-- Data extracts follows --

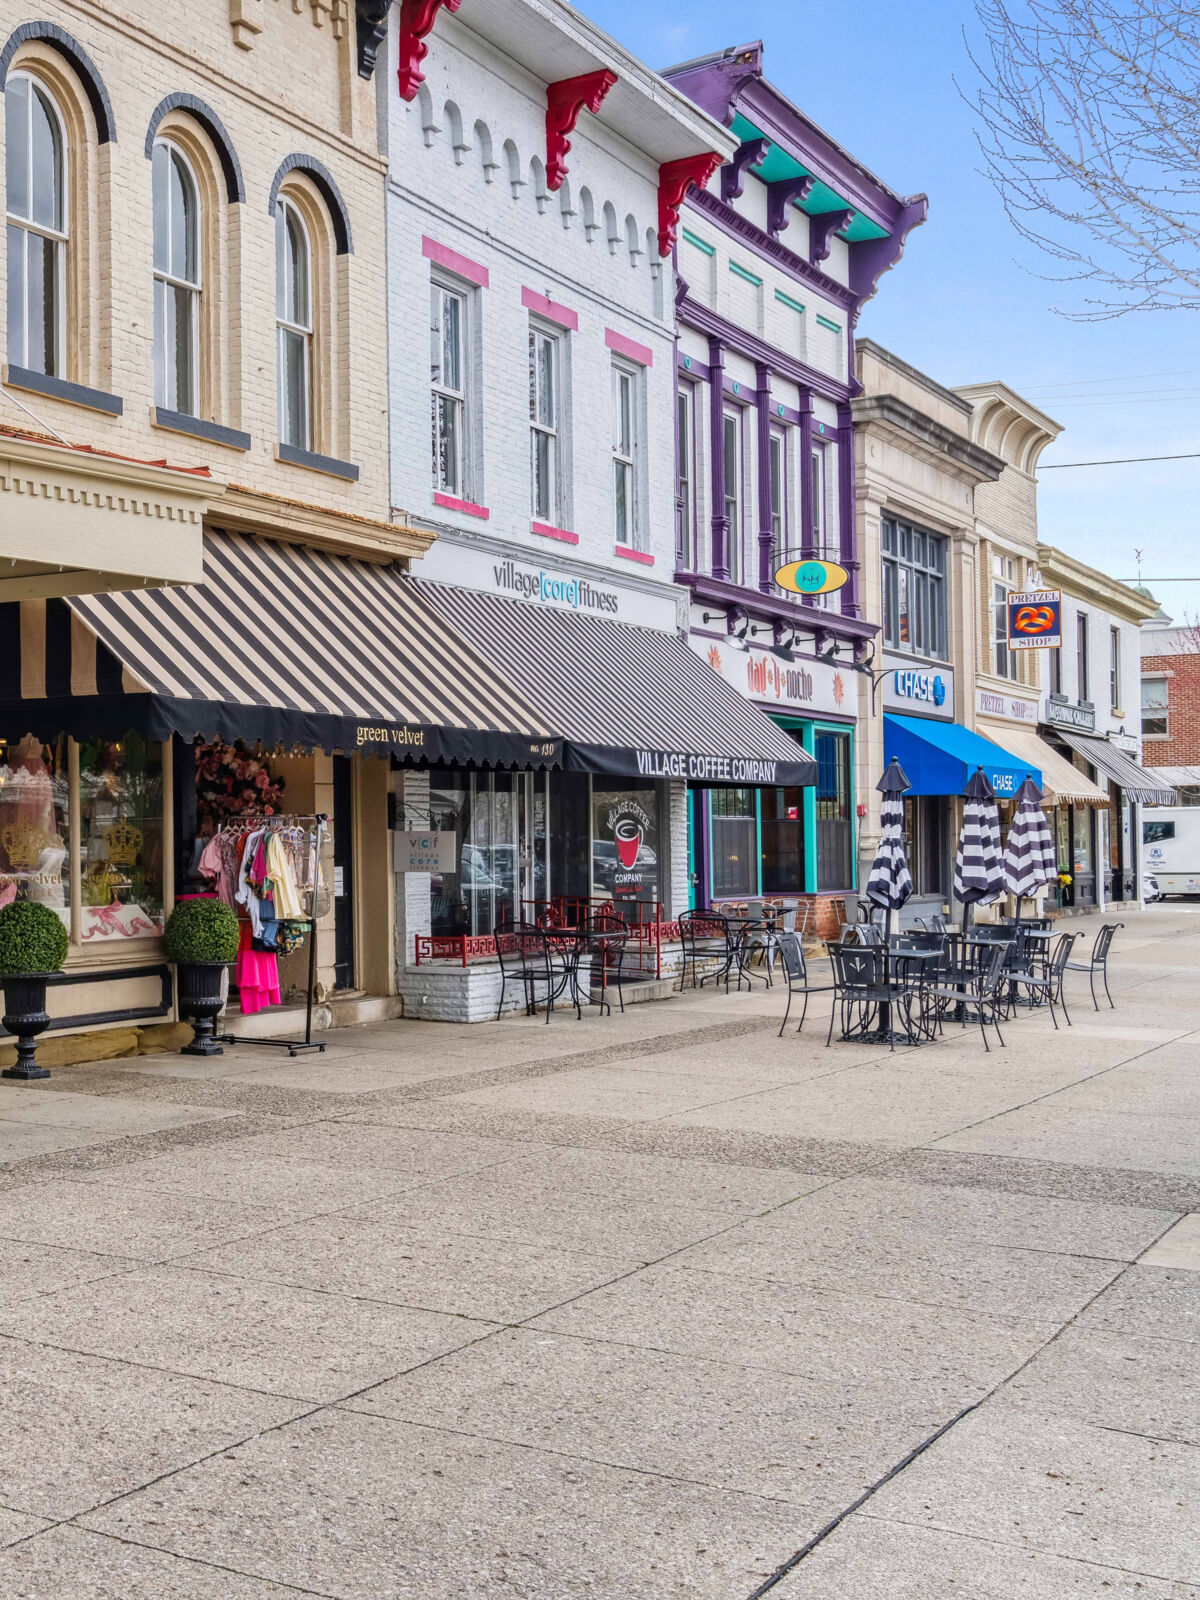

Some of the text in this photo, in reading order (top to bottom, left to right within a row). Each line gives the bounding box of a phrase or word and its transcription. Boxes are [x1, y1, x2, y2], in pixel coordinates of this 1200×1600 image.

[1010, 592, 1059, 604] PRETZEL
[1018, 637, 1052, 647] SHOP
[894, 670, 934, 702] CHASE
[980, 693, 1006, 715] PRETZEL
[356, 726, 389, 746] green
[391, 725, 425, 746] velvet
[636, 750, 777, 782] VILLAGE COFFEE COMPANY
[992, 774, 1013, 791] CHASE
[628, 801, 651, 831] COFFEE
[614, 873, 643, 884] COMPANY

-- Data extracts concluded --

Task goal: Copy the records word for word, leaving no picture in the copy.

Written response:
Some of the text in this photo, in reading order (top to bottom, left to right within a row). Each line gives the bounding box of a phrase or word and its transcription. Boxes are [x1, y1, x2, y2], in pixel coordinates of this 1200×1600 image.

[1010, 592, 1059, 604] PRETZEL
[1018, 637, 1052, 647] SHOP
[894, 670, 934, 702] CHASE
[980, 693, 1006, 715] PRETZEL
[356, 726, 389, 746] green
[391, 725, 425, 746] velvet
[636, 750, 777, 782] VILLAGE COFFEE COMPANY
[992, 774, 1013, 791] CHASE
[628, 801, 651, 831] COFFEE
[614, 873, 643, 884] COMPANY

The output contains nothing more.